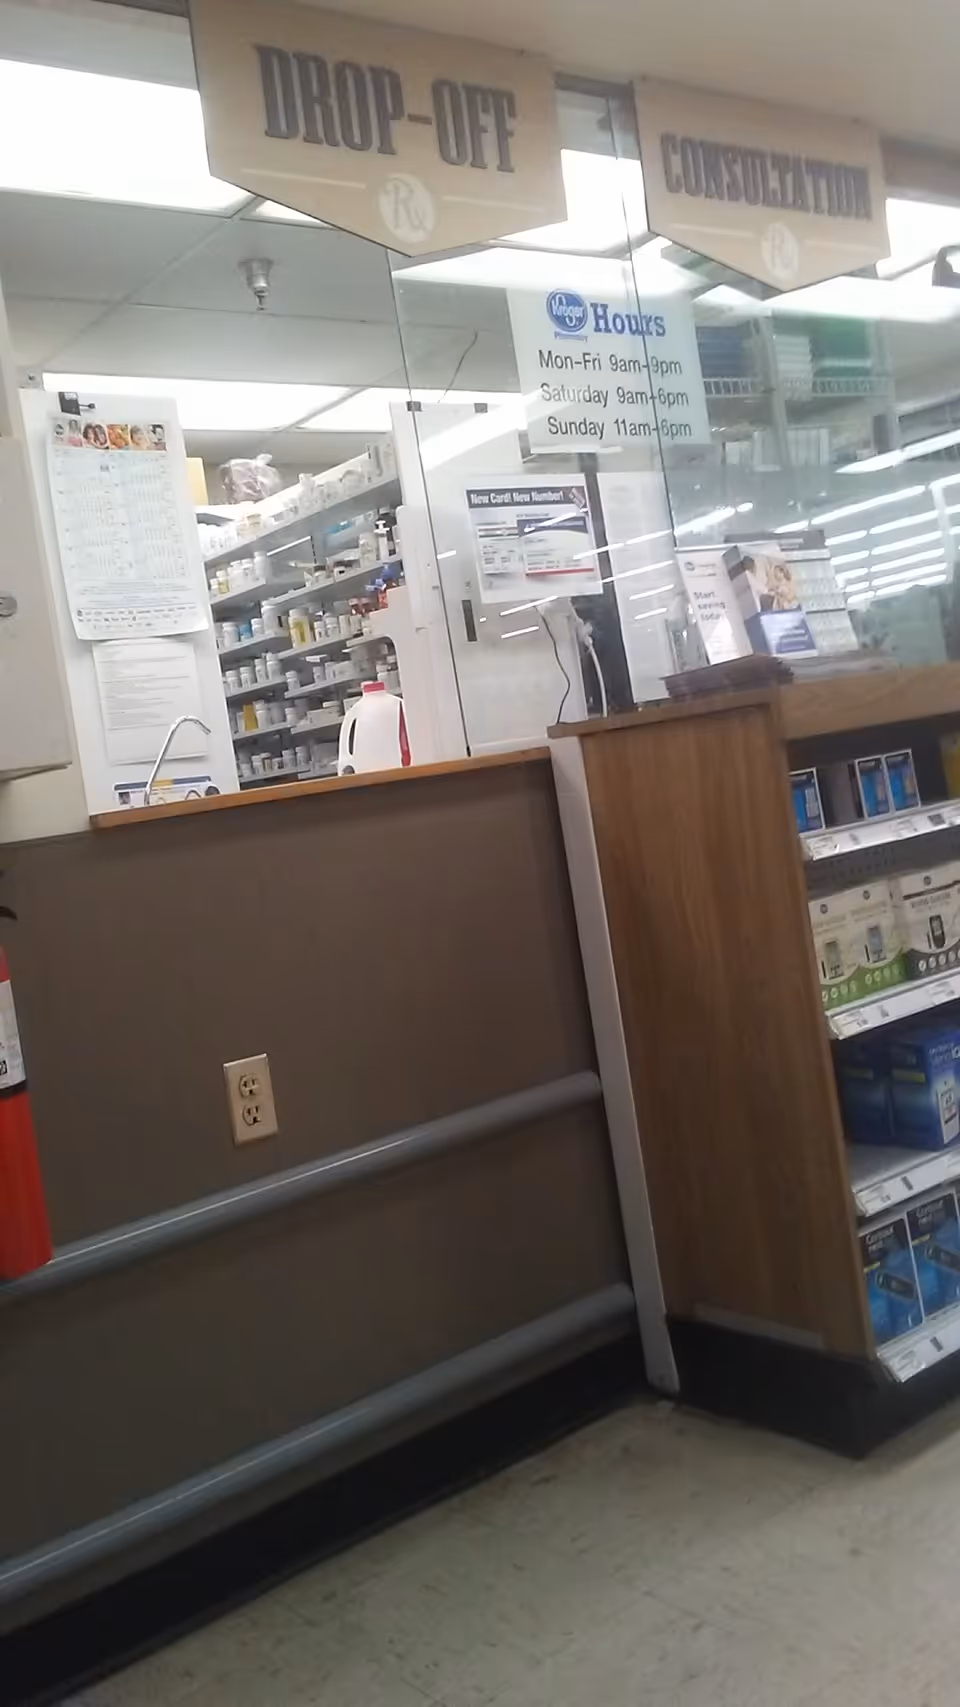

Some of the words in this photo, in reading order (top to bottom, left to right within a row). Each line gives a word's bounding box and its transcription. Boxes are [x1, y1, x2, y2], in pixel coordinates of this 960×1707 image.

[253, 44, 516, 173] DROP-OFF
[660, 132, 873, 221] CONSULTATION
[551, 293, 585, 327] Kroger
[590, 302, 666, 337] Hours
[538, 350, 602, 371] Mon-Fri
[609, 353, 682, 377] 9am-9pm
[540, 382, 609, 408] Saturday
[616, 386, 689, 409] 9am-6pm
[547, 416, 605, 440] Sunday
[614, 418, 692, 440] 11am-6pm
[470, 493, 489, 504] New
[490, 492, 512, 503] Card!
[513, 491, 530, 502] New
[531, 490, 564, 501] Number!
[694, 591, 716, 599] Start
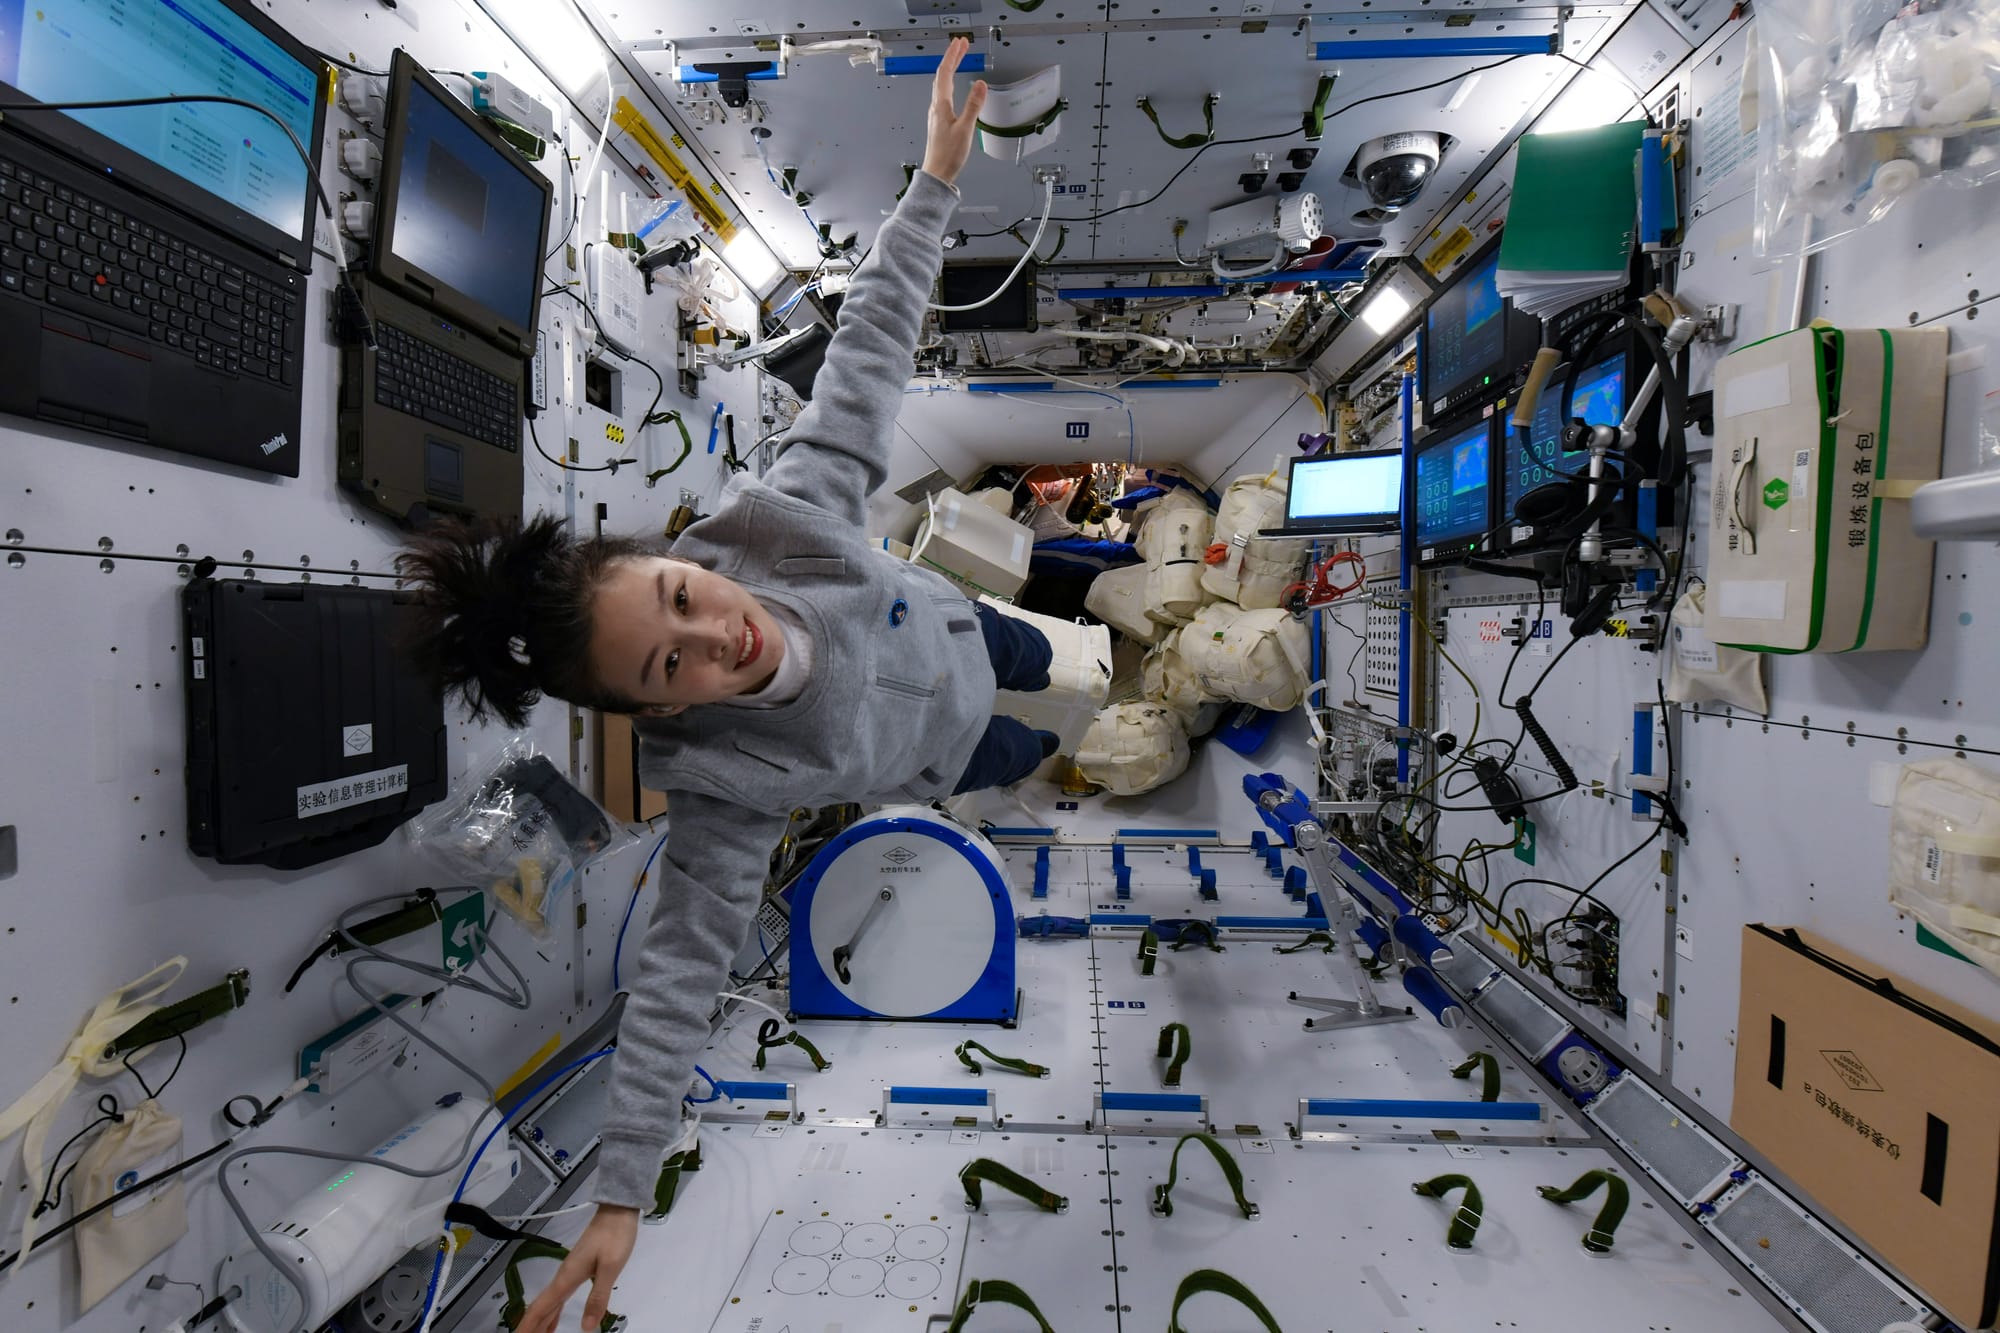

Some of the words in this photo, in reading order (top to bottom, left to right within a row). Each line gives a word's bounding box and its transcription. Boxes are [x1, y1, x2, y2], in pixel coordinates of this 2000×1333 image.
────────
[REQUIRED ACTION] Reproduce the material exactly. Pictures stay out.

[SOLUTION]
Some of the words in this photo, in reading order (top to bottom, left to right within a row). Each line gives a word's bounding box and its transcription. Boxes are [x1, y1, x2, y2], in pixel coordinates of this 960×1707 image.

[253, 44, 516, 173] DROP-OFF
[660, 132, 873, 221] CONSULTATION
[551, 293, 585, 327] Kroger
[590, 302, 666, 337] Hours
[538, 350, 602, 371] Mon-Fri
[609, 353, 682, 377] 9am-9pm
[540, 382, 609, 408] Saturday
[616, 386, 689, 409] 9am-6pm
[547, 416, 605, 440] Sunday
[614, 418, 692, 440] 11am-6pm
[470, 493, 489, 504] New
[490, 492, 512, 503] Card!
[513, 491, 530, 502] New
[531, 490, 564, 501] Number!
[694, 591, 716, 599] Start

Some of the words in this photo, in reading order (top to bottom, left to right within a row). Each line gives a word's bounding box and its transcription. Boxes are [x1, y1, x2, y2], in pixel coordinates of this 2000×1333 image.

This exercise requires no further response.